**What to produce**
Would you please reproduce all the entries word for word, minus the pictures?
++++ Input for this task ++++
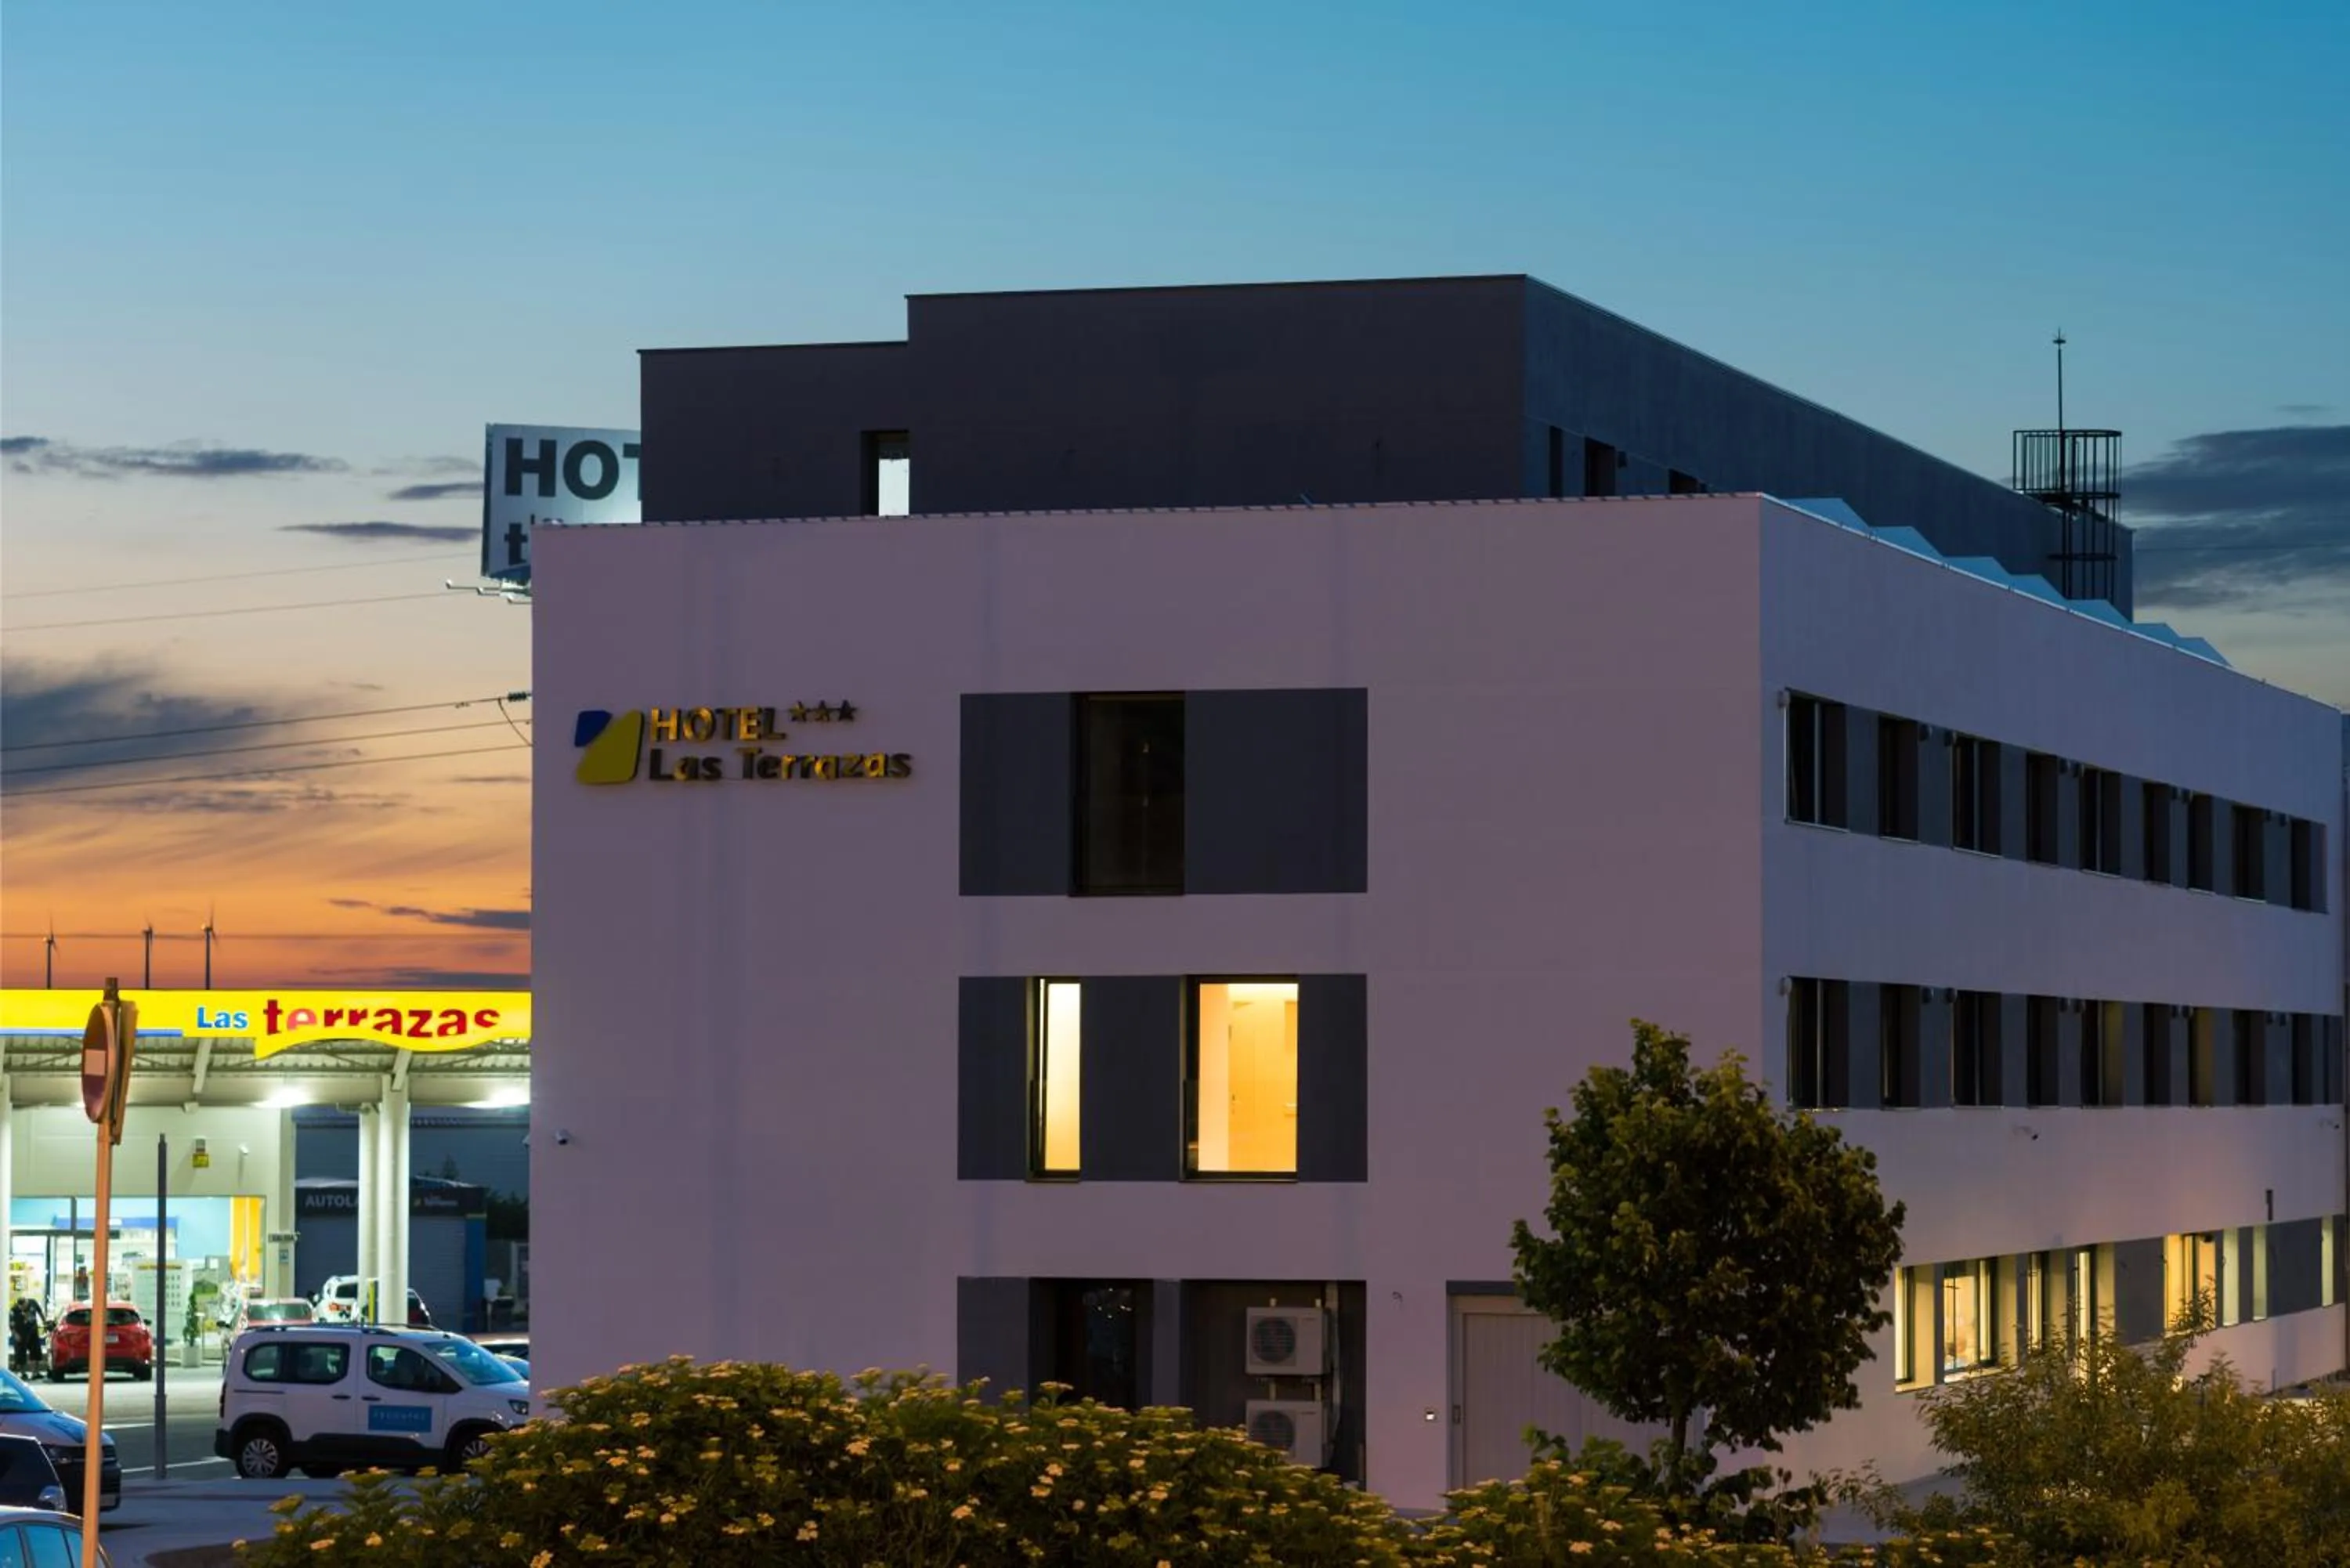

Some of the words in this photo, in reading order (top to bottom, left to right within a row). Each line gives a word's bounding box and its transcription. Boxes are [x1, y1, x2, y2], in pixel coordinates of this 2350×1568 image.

[649, 706, 786, 742] HOTEL
[649, 748, 724, 782] Las
[734, 746, 913, 780] Terrazas
[197, 1006, 248, 1029] Las
[263, 999, 501, 1038] terrazas
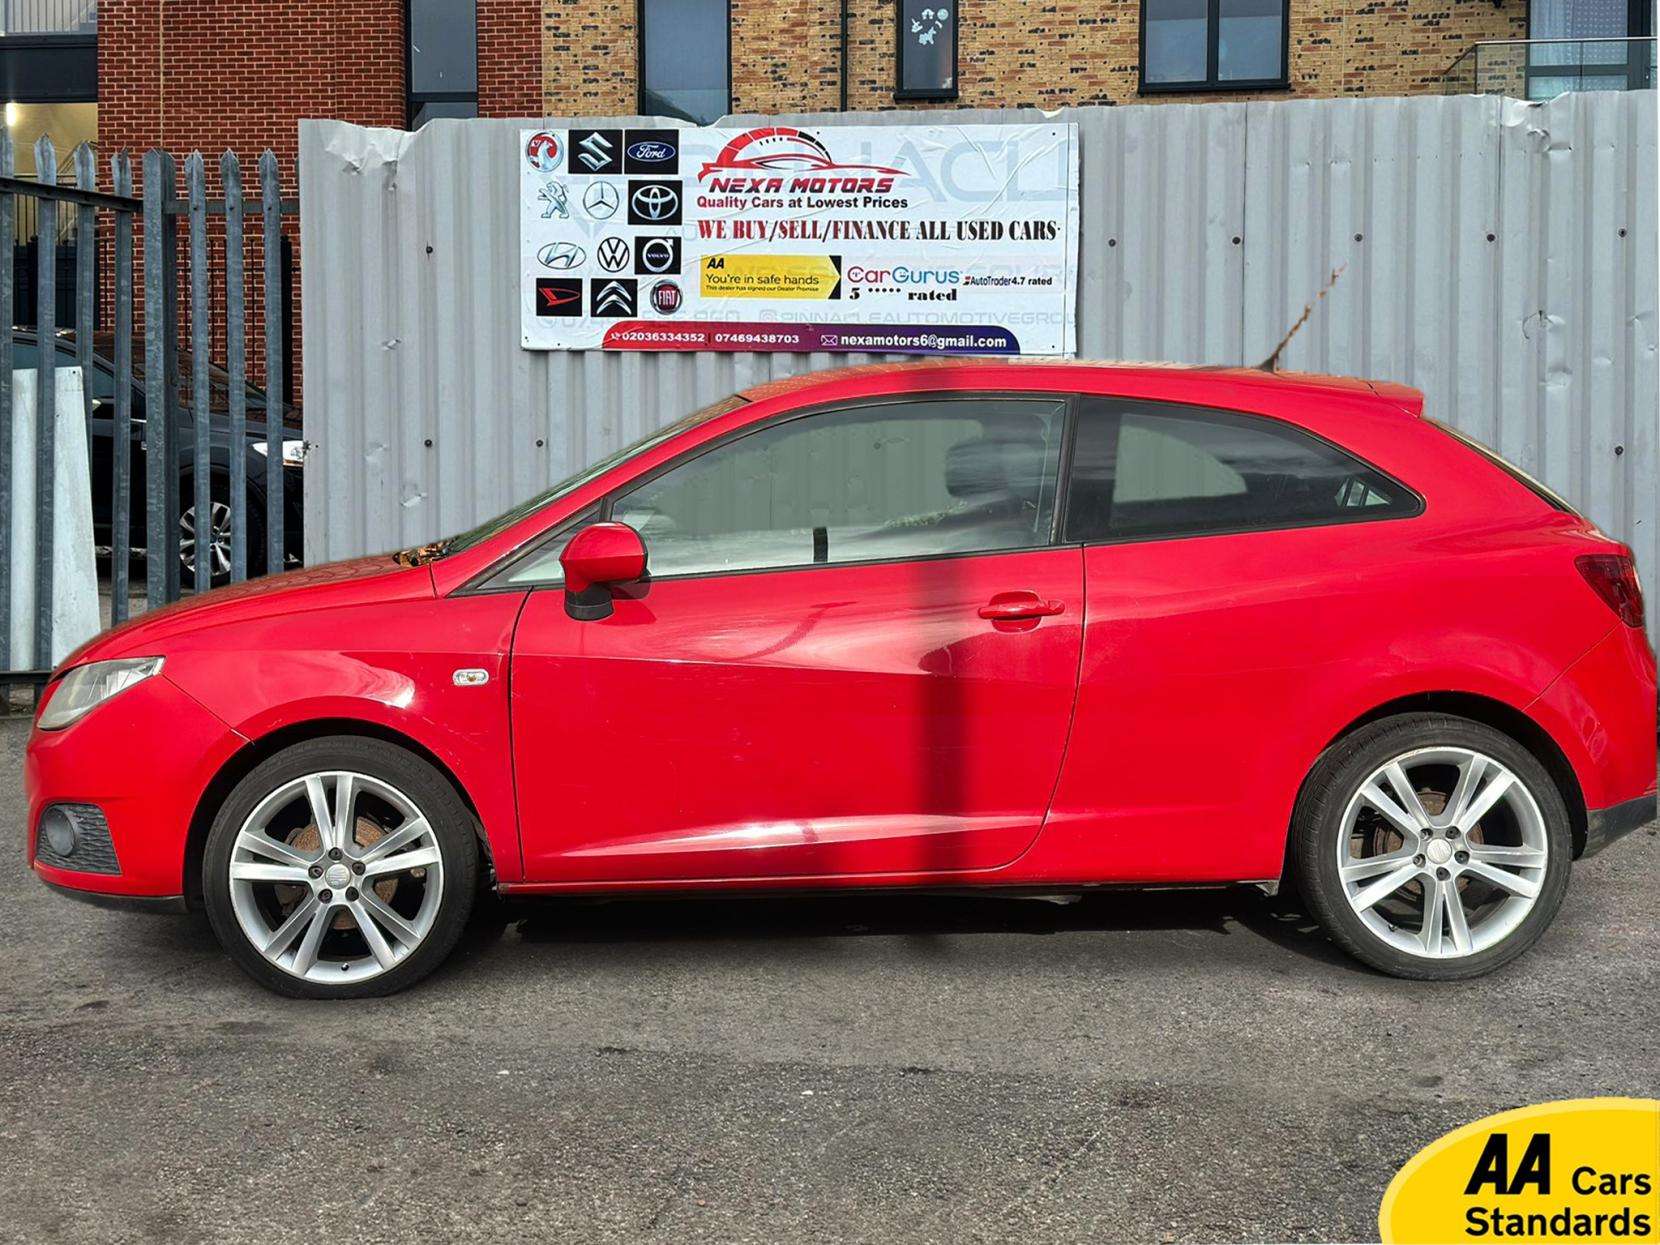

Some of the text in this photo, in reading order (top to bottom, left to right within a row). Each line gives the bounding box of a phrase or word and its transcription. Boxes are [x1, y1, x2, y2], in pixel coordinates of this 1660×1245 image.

[636, 145, 666, 159] Ford
[709, 178, 894, 193] NEXA MOTORS
[697, 195, 908, 210] Quality Cars at Lowest Prices
[697, 219, 727, 239] WE
[916, 220, 951, 240] ALL
[957, 220, 1004, 240] USED
[1008, 220, 1057, 240] CARS
[707, 257, 725, 269] AA
[706, 274, 820, 285] You're in safe hands
[847, 265, 960, 284] CarGurus
[1028, 277, 1052, 286] rated
[658, 290, 676, 305] FIAT
[849, 287, 958, 301] 5 rated
[715, 333, 800, 344] 07469438703
[841, 334, 1007, 349] nexamotors6@gmail.com
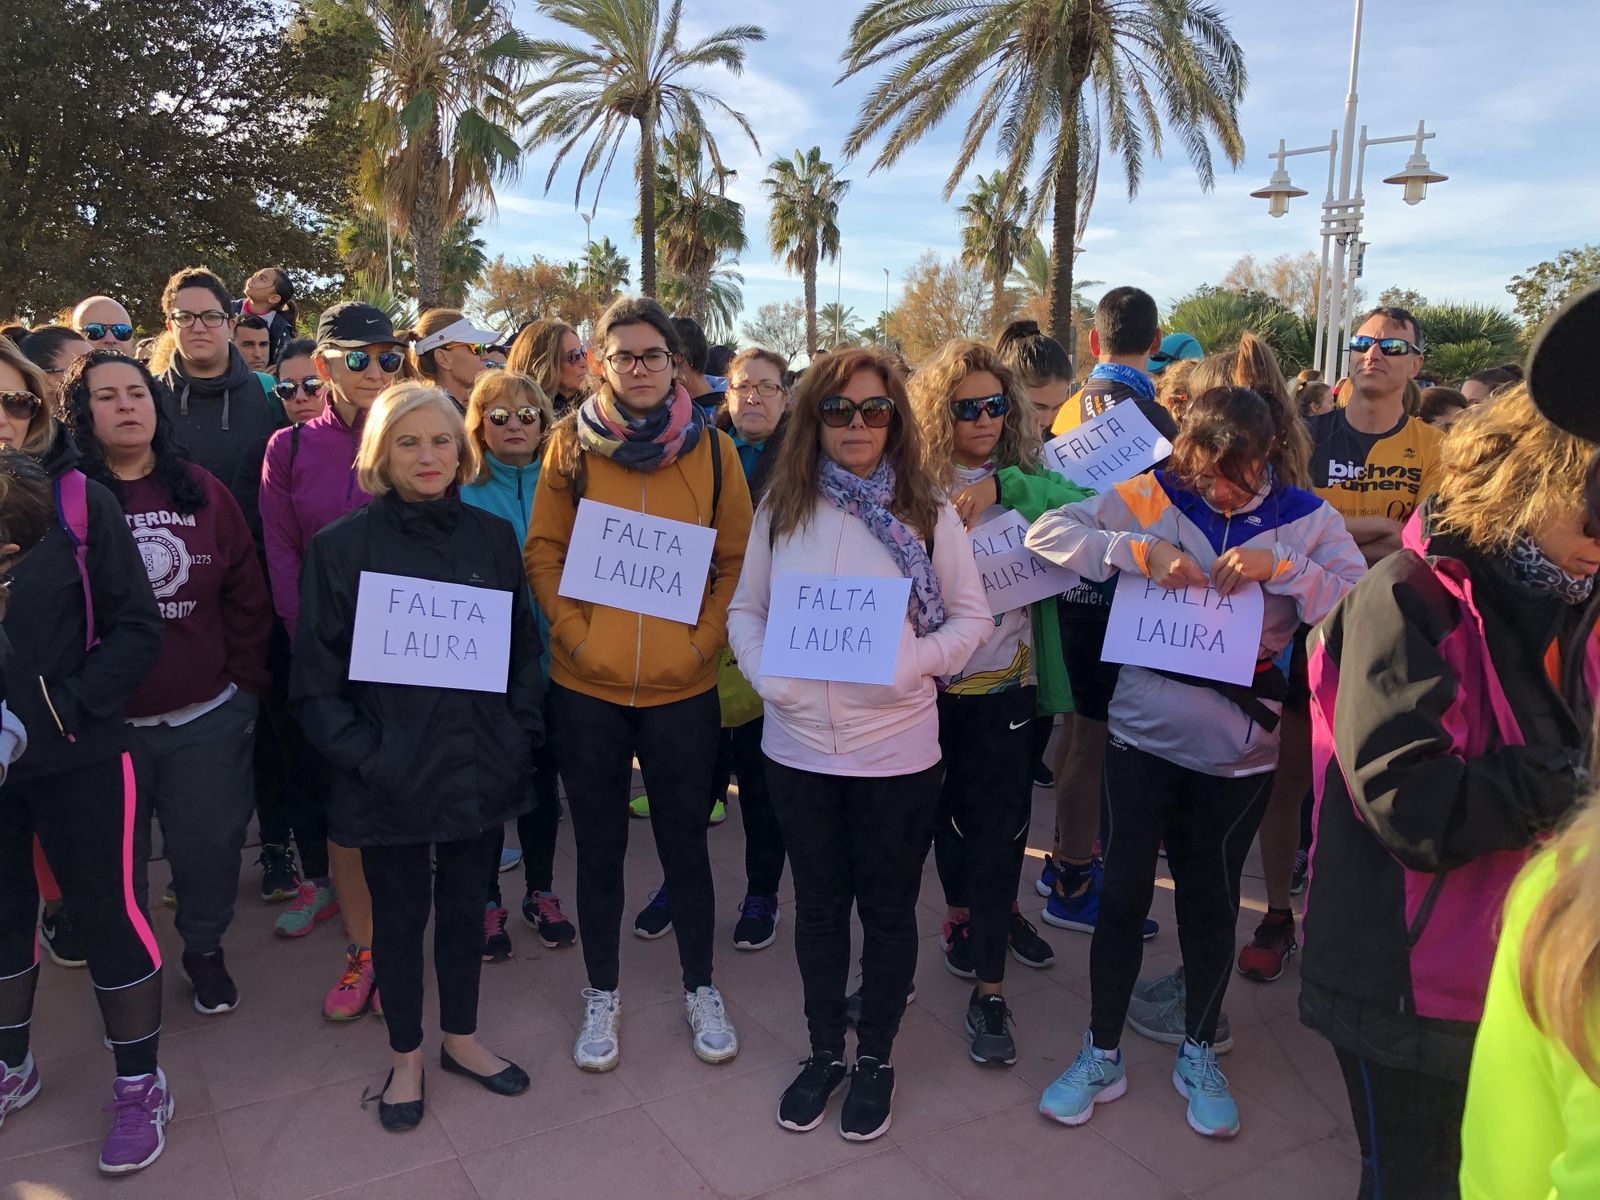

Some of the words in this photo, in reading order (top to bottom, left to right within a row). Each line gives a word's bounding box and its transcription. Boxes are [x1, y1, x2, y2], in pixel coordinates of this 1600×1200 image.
++++
**Answer below**
Some of the words in this photo, in reading order (top to bottom, left to right within a row). Each line gives a word's bounding box and its transcription. Boxes are [x1, y1, x2, y2], in pixel coordinates of this 2350×1568 image.

[649, 706, 786, 742] HOTEL
[649, 748, 724, 782] Las
[734, 746, 913, 780] Terrazas
[197, 1006, 248, 1029] Las
[263, 999, 501, 1038] terrazas

Some of the text in this photo, in reading order (top to bottom, left to right within a row). Each line gives the bounding box of a phrase or word and its transcription. Boxes are [x1, y1, x2, y2], in pixel coordinates of this 1660×1245 image.

[636, 145, 666, 159] Ford
[709, 178, 894, 193] NEXA MOTORS
[697, 195, 908, 210] Quality Cars at Lowest Prices
[697, 219, 727, 239] WE
[916, 220, 951, 240] ALL
[957, 220, 1004, 240] USED
[1008, 220, 1057, 240] CARS
[707, 257, 725, 269] AA
[706, 274, 820, 285] You're in safe hands
[847, 265, 960, 284] CarGurus
[1028, 277, 1052, 286] rated
[658, 290, 676, 305] FIAT
[849, 287, 958, 301] 5 rated
[715, 333, 800, 344] 07469438703
[841, 334, 1007, 349] nexamotors6@gmail.com

Some of the words in this photo, in reading order (top to bottom, left to right within a row). Each line gives a word's bounding box and its transcription. Boxes are [x1, y1, x2, y2], in pixel coordinates of this 1600×1200 image.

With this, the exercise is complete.